Shirakami Fubuki (白上 フブキ, Shirakami Fubuki) is a Japanese virtual YouTuber and singer affiliated with Cover Corporation's Hololive Production agency. She debuted in June 2018 as part of Hololive's Generation 1. She also became part of the Hololive Gamers subgroup since December 2018. Most of her livestreams are let's plays of games, especially tactical role-playing games, with her work also including casual chatting and karaoke. She released her first album, FBKINGDOM: Blessing, in 2025. She has received credit for popularizing several concepts of Hololive, including its Hololive-wide fanbase, international fanbase, and daily streaming schedule.

==Overview==
Shirakami Fubuki's lore describes her as a "white-haired animal-eared otaku fox" with a cheerful, talkative personality. She is one of the four members of Hololive's Generation 1 subgroup, alongside Aki Rosenthal, Akai Haato, and Natsuiro Matsuri, having been part of it since her debut. She is also simultaneously a member of the Hololive Gamers subgroup since its establishment, counting Ookami Mio, Nekomata Okayu, and Inugami Korone as her genmates. Fubuki's illustrator is Nagishiro Mito.

Shirakami's fandom name is the Sukonbu (すこん部) or Friends. The "Sukonbu" was adopted after fans suggested using her word sukon (すこん) - a portmanteau of the Japanese Internet slang term suko and the fox onomatopoeia kon (こん) - and no other proposals were put forward.

==Career==
Shirakami Fubuki made her debut on 1 June 2018. When asked why she auditioned, she said, "I'm not good at speaking in front of people, but I wanted friends with whom I could talk about the things I like."

===Streaming career===
Shirakami usually streams every day. In her live streams, she mostly plays games; while many of them are tactical role-playing games, she also plays games from other genres Ace Combat 7, Dead by Daylight, Forbidden Siren 2, Fortnite, Mario Kart 8, Minecraft, and Splatoon 2. Her game streams include real-time attack speedrunning Minecraft or ending Mario Kart 8 if she places below 6th place. In December 2018, Shirakami became leader of the newly-formed unit Hololive Gamers.

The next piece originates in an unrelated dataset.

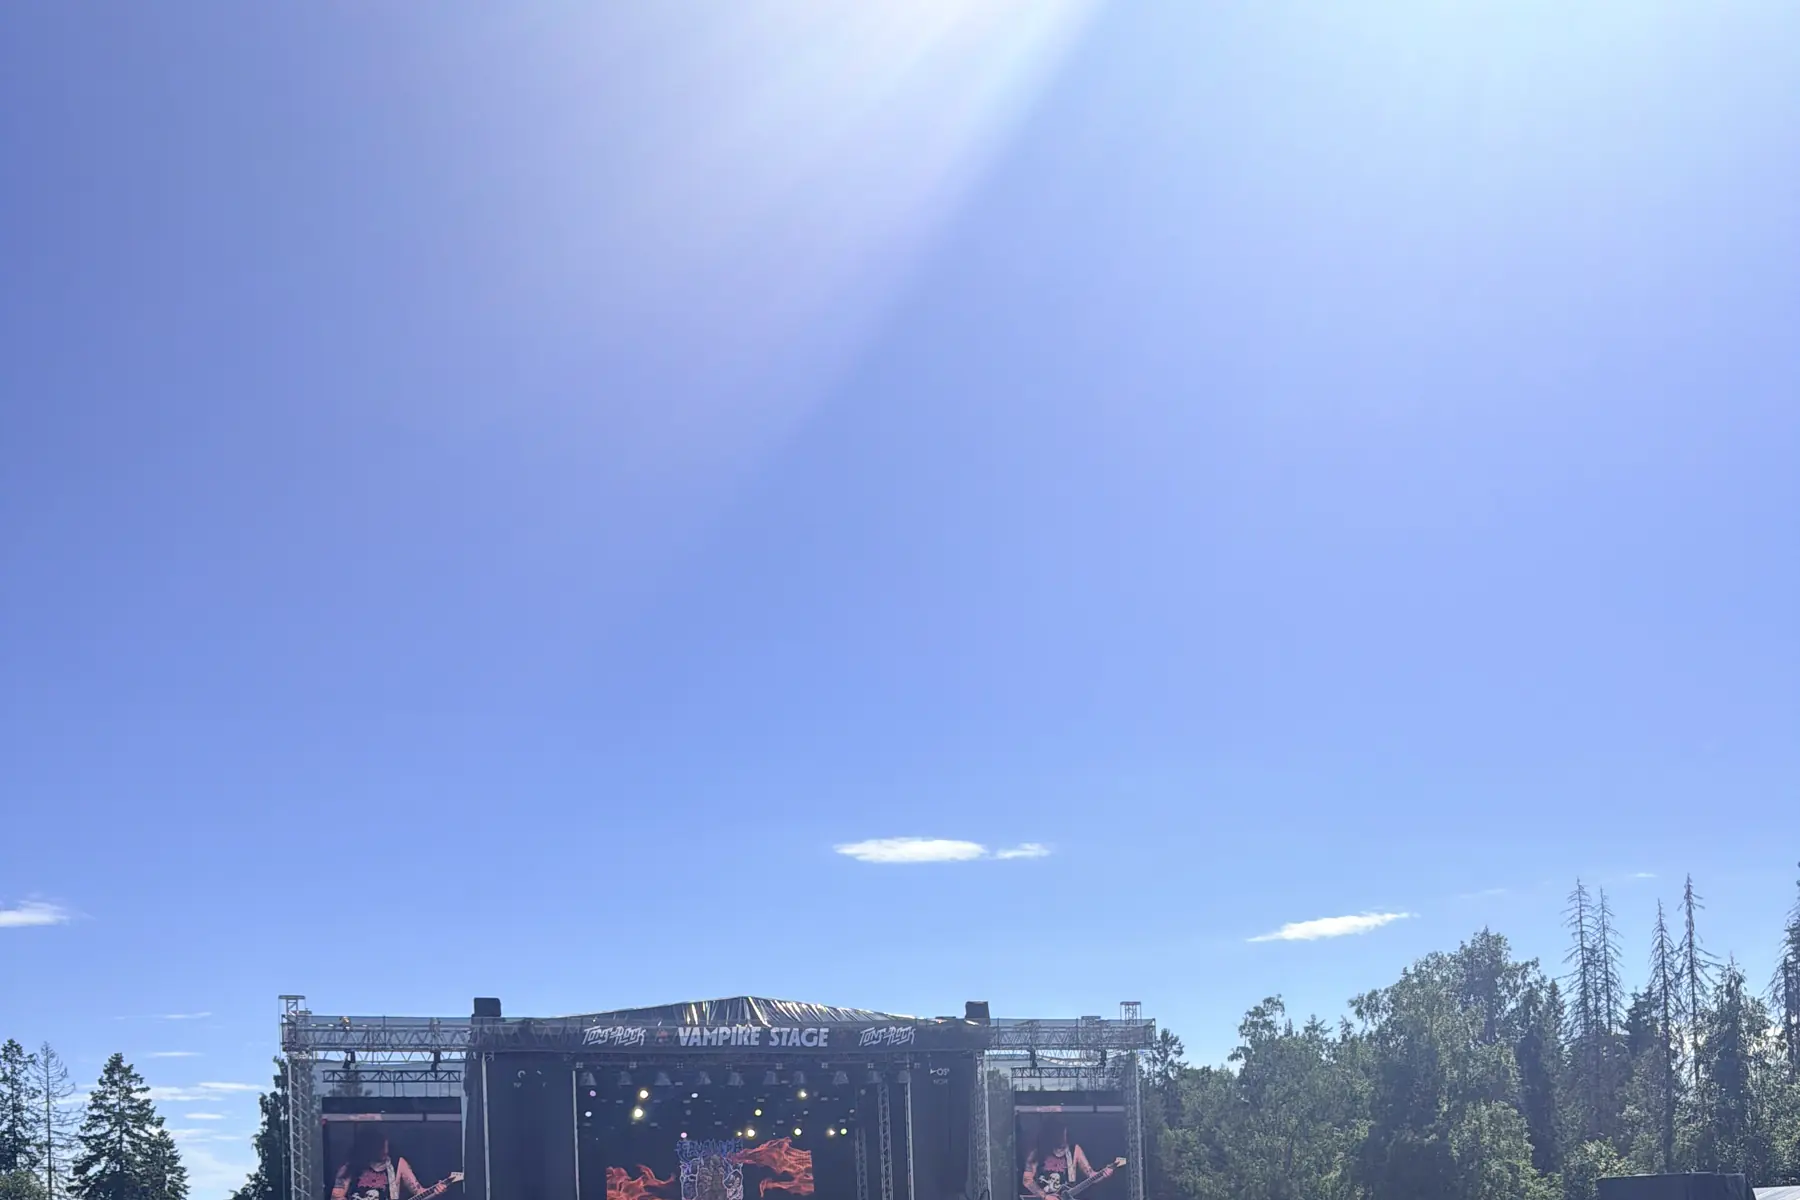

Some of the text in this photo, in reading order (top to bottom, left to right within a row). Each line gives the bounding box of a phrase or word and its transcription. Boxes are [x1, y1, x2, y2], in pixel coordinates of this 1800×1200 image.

[611, 1026, 646, 1046] ROCK
[678, 1026, 829, 1047] VAMPIRE STAGE
[885, 1025, 917, 1046] ROCK

Hitoshi Sugiyama of Real Sound describes Shirakami as having an "high-caliber all-rounder" image, where her appeal comes not just from her YouTube streams but also her outside activities in places like Twitter. Keirō of MoguraVR notes that despite her "enjoyment-first" attitude, her trademark style is a competitive "play-to-win" attitude where she "celebrates wildly when she wins and expresses genuine frustration when she loses". Shirakami is a fan of Fate/Grand Order, often bringing it up in her streams.

In addition to games, Shirakami does streams related to casual chatting, drawing, karaoke, ASMR, and radio programming. She once set up a hours-long stream called Baba-domo no Neoki o Mimamoru RTA Jikkyō (ババ共の寝起きを見守るRTA実況 "An RTA Commentary: Watching Over the Old Hags as They Wake Up"), after Houshou Marine and Murasaki Shion overslept and could not arrive for their respective streams.

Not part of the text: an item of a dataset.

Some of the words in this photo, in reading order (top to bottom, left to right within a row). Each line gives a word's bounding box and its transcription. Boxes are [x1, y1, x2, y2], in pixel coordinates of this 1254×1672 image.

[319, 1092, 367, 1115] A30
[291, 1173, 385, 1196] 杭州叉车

One recurring character in Shirakami's streams, Kurokami Fubuki, is "an acquaintance of Shirakami Fubuki—or rather, something like two souls sharing one body". The character held her first solo live stream in September 2019, and in November 2019 unveiled her 3D model at Congratulations!! Fubuki Birthday Party 2019. Keirō called her "a charming fox-girl character", citing "her beautiful black hair, cool low-pitched voice, and refreshingly blunt manner of speaking".
===Music career===
Shirakami's karaoke streams usually feature anime songs and Vocaloid songs, and she often performs J-pop, rock, video game music, and foreign music. In 2019, she collaborated with American YouTuber The8BitDrummer for a "Drumming Challenge" showdown after the latter learned about her Scatman John impressions; this encouraged the engagement with other Hololive VTubers, which "helped introduce the group's unique charm to an international audience".

Shirakami has released several singles, many of which have appeared on the Billboard Japan Download Songs chart. In January 2025, Shirakami released her first album FBKINGDOM: Blessing. She ranked at #58 on Billboard Japan's Artist 100 chart on 22 January 2025. In February 2025, she held her first solo live concert, FBKIngdom: Anthem, at Pia Arena MM.

She also often participates in hololive's music projects as a group. After being grouped with Nakiri Ayame and Ookami Mio for the song "Hyakka Ryoran Hanafubuki" (百花繚乱花吹雪) under the hololive Idol Project, an idol unit called AyaFubuMi (いろはにほへっと あやふぶみ, Irohanihohetto Ayafubumi) was created for the trio based on their common Japanese theme. When performing in groups at live concerts, Shirakami usually does center position.

===Acting career===
Shirakami voiced Geats Chemy in the 2023 movie Kamen Rider the Winter Movie: Gotchard & Geats. She also did voice-over work for a Sound Voltex game and the Zoids franchise.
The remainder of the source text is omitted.